## Prompt
Print the data exactly. Pictures stay out.

*** Data listing Section Begins ***

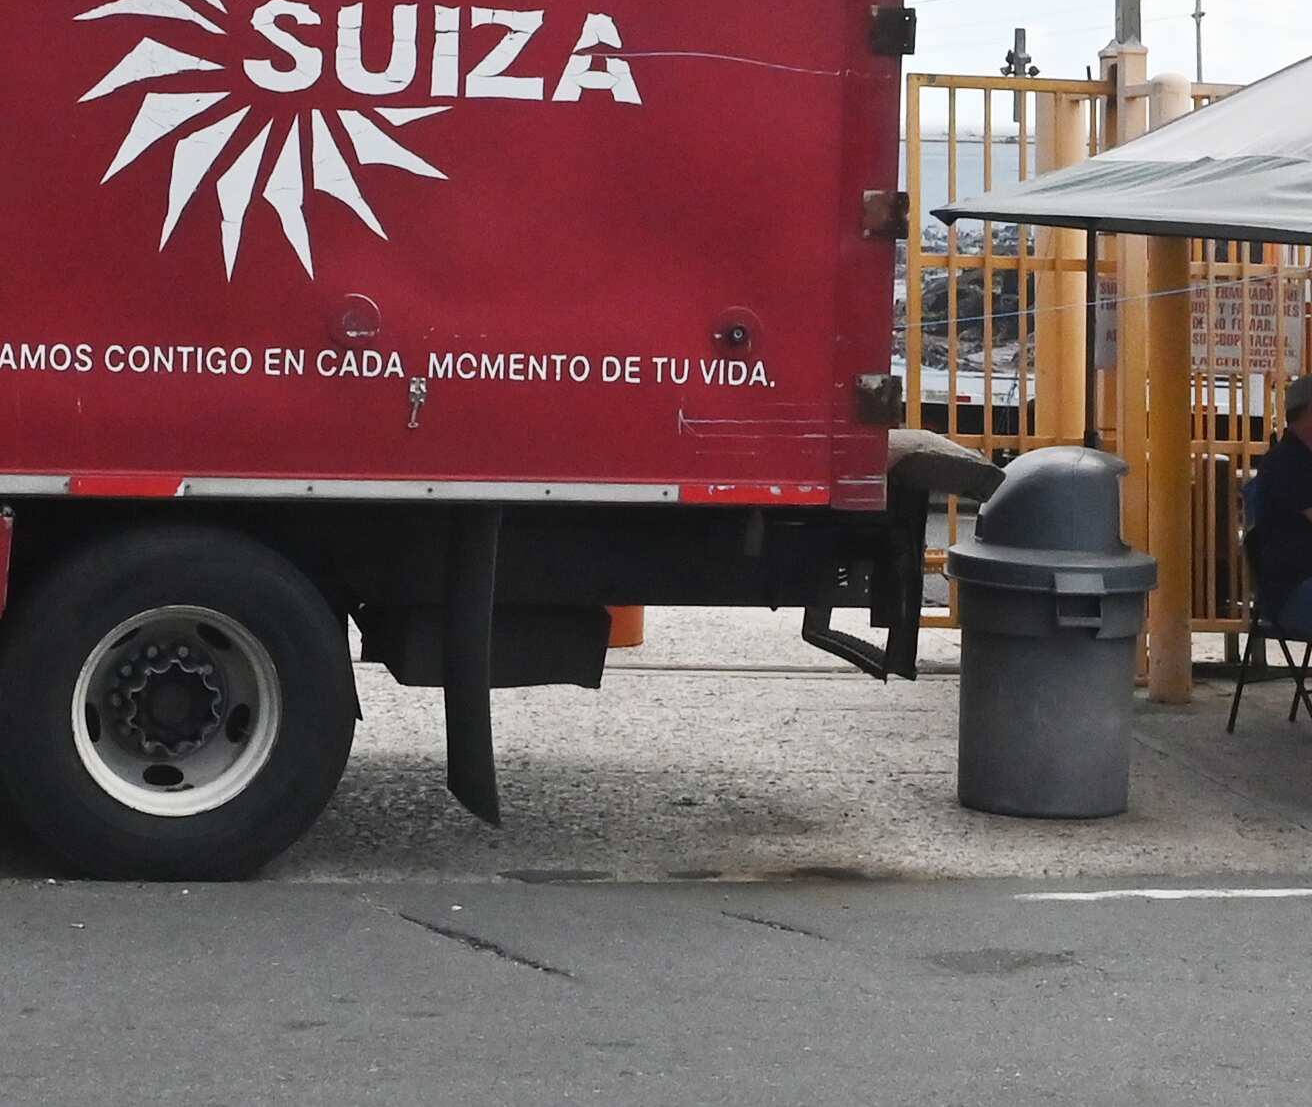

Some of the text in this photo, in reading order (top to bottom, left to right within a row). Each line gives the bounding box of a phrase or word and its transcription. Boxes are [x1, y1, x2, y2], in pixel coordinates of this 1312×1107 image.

[104, 344, 252, 375] CONTIGO
[264, 347, 305, 376] EN
[316, 349, 405, 378] CADA
[428, 352, 590, 382] MOMENTO
[602, 356, 641, 384] DE
[652, 357, 689, 385] TU
[699, 359, 776, 388] VIDA.

*** Data listing Section Ends ***

## Response box
Some of the text in this photo, in reading order (top to bottom, left to right within a row). Each line gives the bounding box of a phrase or word and its transcription. Boxes are [x1, y1, x2, y2], in pixel coordinates of this 1312×1107 image.

[104, 344, 252, 375] CONTIGO
[264, 347, 305, 376] EN
[316, 349, 405, 378] CADA
[428, 352, 590, 382] MOMENTO
[602, 356, 641, 384] DE
[652, 357, 689, 385] TU
[699, 359, 776, 388] VIDA.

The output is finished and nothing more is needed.